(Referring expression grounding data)
==========
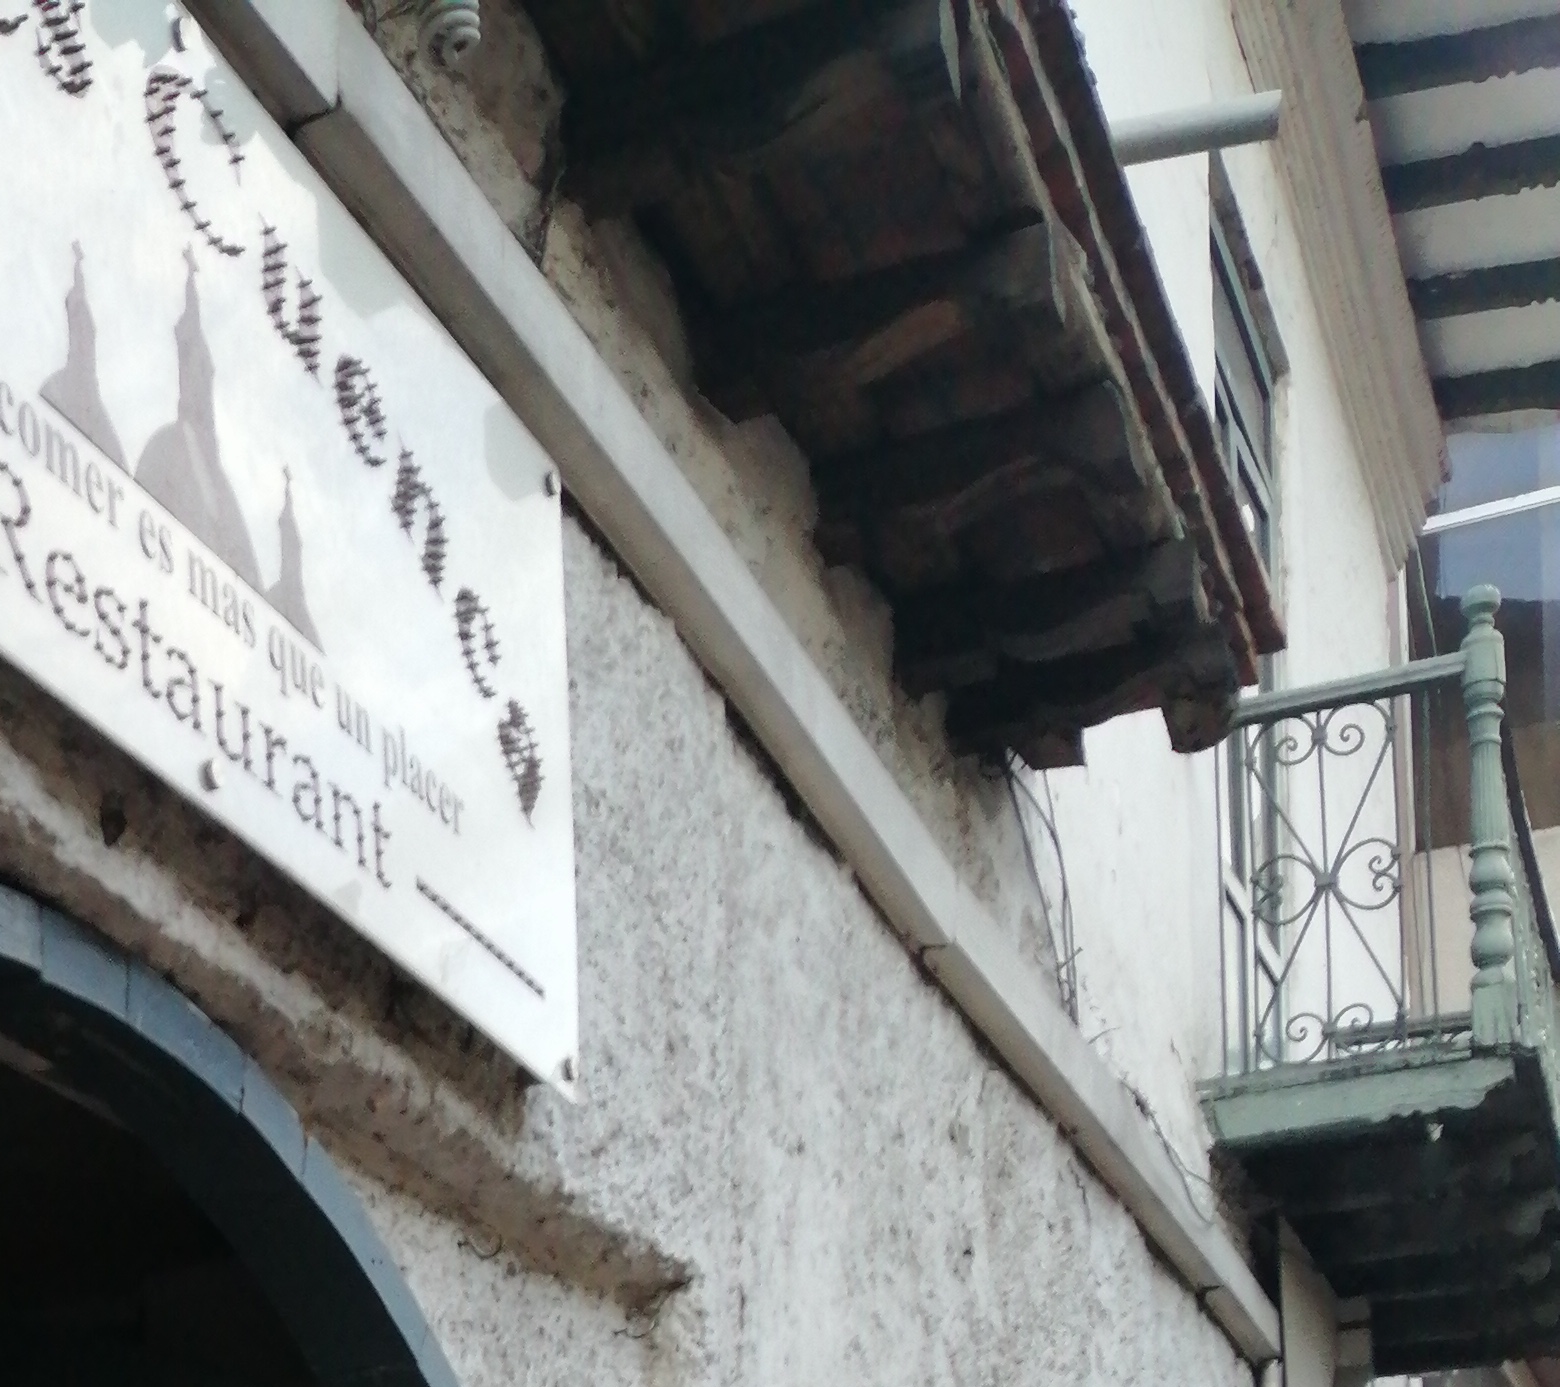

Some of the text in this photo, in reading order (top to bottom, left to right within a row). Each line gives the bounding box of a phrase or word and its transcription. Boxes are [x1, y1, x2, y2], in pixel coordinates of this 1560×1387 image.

[138, 508, 175, 575] es
[186, 546, 258, 649] mas
[268, 624, 326, 711] que
[335, 682, 374, 755] un
[381, 724, 465, 837] placer
==========
> Prompt
Repeat the records in full, exactly as they appear, but with the pictures removed.

> Answer below
Some of the text in this photo, in reading order (top to bottom, left to right within a row). Each line gives the bounding box of a phrase or word and its transcription. Boxes are [x1, y1, x2, y2], in pixel coordinates of this 1560×1387 image.

[138, 508, 175, 575] es
[186, 546, 258, 649] mas
[268, 624, 326, 711] que
[335, 682, 374, 755] un
[381, 724, 465, 837] placer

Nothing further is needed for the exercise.